Eczema is chronic inflammatory skin condition characterized by dry skin and very itchy red patches. It isn’t surprising that in Greek, eczema means “skins that cries” describing the intense irritation it causes. Happily, there are several solutions to soothe it.


The main warning signs of the condition are:  

  • Very dry, flaky red skin;
  • Red, rough and sometimes scaly patches;
  • Severe itchiness;
  • Small blisters that look like pimples.

Even though eczema can appear anywhere on the skin, it often appears in the bend of the arms, or at the back of the knees. Eczema is sometimes seen on the face, especially on babies.

One thing is sure, it isn’t contagious, so it is impossible to catch it from a person with an eczema flare-up.


The causes of the condition are not necessarily clear and can vary depending on the type of eczema in question. The most common is atopic eczema (atopic dermatitis, or AD), which is related to a disfunction of the skin barrier. The skin doesn’t play its protective role, allowing allergens to penetrate, which causes flare-ups. The allergens responsible can originate from the air, animals, plants or food, but soap, perfume and sweat can also trigger flare-ups.

Certain environmental factors and heredity can also play a role in the appearance of eczema. If a close relative has it, there is a strong chance that you are at risk.

Food doesn’t necessarily trigger eczema, but eating certain foods, such as sugar, cow’s milk and bad fats can make the condition worse.

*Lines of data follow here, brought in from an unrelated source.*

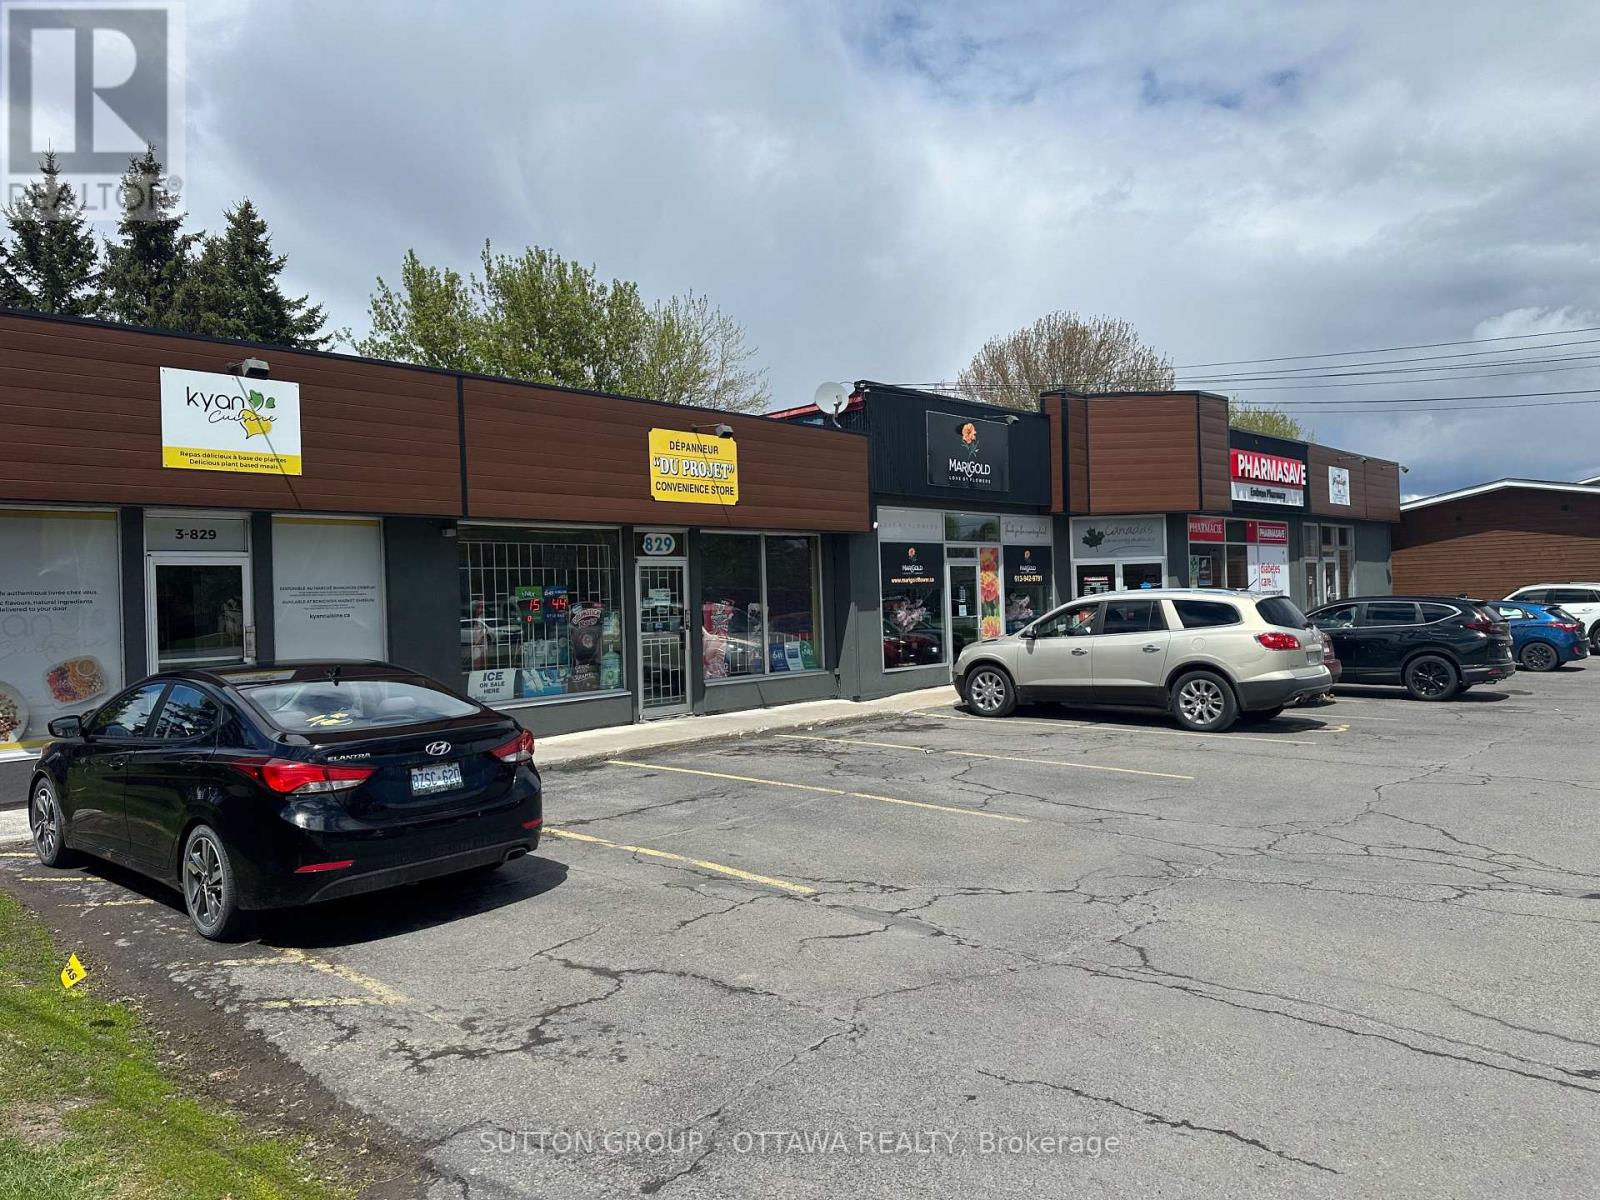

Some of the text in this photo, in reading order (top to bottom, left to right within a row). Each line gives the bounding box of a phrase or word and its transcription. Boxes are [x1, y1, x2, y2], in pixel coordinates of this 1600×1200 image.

[186, 386, 245, 412] kyan
[208, 410, 277, 424] Cuisine
[669, 439, 719, 454] DÉPANNEUR
[1238, 454, 1306, 486] PHARMASAVE
[656, 481, 734, 496] CONVENIENCE STORE
[175, 528, 216, 540] 3-829
[1189, 522, 1222, 534] PHARMACIE
[644, 536, 673, 552] 829
[483, 672, 504, 681] ICE
[328, 753, 370, 761] ELANTRA

Eczema is a chronic condition that can be relieved with various treatments. However, they don’t completely heal the condition, but reduce inflammation during flare-ups and/or protect the skin as it heals. The best prevention is to keep your skin well hydrated. Talk to your pharmacist for more information.

Here are some habits to develop to improve the condition of your skin:

  • Limit baths and showers to 10 minutes and use only cool or lukewarm water;  
  • Choose cleaning and personal products that are gentle and fragrance free;
  • Choose loose clothing made from cotton, hemp or linen, but not wool (eczema’s worst enemy);
  • Apply cream or lotion (water or oil based) after bathing or showering to trap moisture. Talk to your pharmacist about what is best for you;
  • Of course, avoid all substances and products that are known to trigger flare-ups: irritating textiles, detergents, foods or other allergens;
  • Try not to scratch the affected areas.

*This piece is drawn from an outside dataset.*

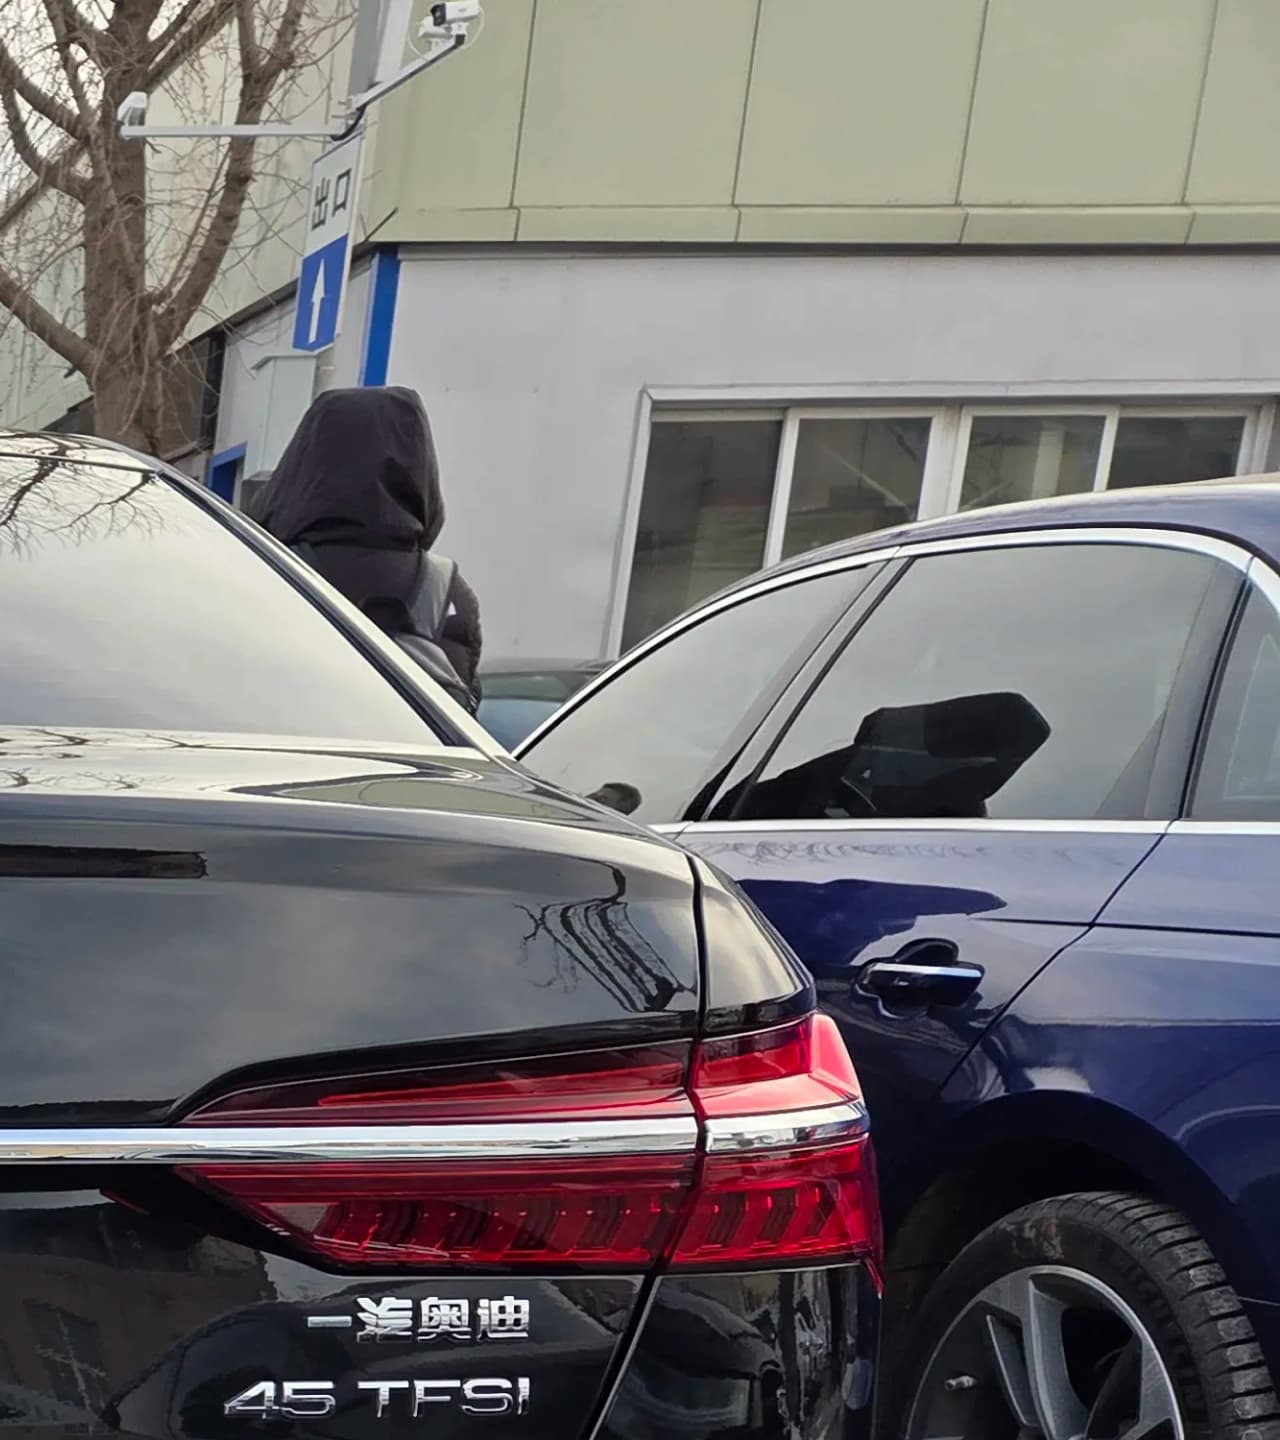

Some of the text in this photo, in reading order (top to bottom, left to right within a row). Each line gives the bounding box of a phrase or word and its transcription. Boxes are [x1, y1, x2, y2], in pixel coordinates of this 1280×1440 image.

[310, 167, 352, 231] 出口
[307, 1295, 530, 1343] 一汽奥迪
[224, 1377, 531, 1419] 45 TFSI

Your pharmacist can recommend over-the-counter topical corticosteroid creams that can help relieve itching. If your case is more serious, your doctor can also prescribe stronger topical anti-inflammatories to reduce the burning and itching.  

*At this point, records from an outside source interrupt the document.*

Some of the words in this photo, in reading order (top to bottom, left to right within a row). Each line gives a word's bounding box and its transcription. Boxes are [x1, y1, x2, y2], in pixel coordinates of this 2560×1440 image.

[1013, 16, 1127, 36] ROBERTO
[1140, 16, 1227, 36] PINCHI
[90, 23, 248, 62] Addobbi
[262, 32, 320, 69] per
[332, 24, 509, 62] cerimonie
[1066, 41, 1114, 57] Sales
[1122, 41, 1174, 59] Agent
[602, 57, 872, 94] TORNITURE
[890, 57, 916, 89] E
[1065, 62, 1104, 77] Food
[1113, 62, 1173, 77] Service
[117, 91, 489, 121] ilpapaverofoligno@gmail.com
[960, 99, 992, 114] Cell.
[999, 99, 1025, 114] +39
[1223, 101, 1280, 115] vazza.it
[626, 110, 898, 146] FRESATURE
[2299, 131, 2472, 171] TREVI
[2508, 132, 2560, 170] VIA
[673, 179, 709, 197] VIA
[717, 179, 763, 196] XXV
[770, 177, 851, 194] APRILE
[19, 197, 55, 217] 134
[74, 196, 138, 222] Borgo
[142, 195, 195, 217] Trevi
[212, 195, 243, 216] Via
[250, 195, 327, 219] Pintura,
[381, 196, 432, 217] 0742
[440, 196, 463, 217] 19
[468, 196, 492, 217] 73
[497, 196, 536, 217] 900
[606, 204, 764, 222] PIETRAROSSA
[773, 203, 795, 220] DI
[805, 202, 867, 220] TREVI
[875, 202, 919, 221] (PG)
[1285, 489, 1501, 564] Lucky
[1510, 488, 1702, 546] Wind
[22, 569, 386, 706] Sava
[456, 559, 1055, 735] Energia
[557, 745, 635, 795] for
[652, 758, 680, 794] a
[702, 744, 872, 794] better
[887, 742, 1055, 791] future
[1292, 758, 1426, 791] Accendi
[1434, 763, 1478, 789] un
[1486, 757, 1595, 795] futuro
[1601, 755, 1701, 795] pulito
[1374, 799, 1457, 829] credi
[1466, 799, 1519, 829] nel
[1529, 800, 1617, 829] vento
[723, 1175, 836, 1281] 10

In the case of a major infection, taking antibiotics may be recommended. It is always important to follow the advice of a health professional.

This information is not a substitute for professional medical advice and Accès pharma affiliated pharmacist-owners cannot be held responsible for this information. The information was true and accurate at the time of publication, but it is subject to change.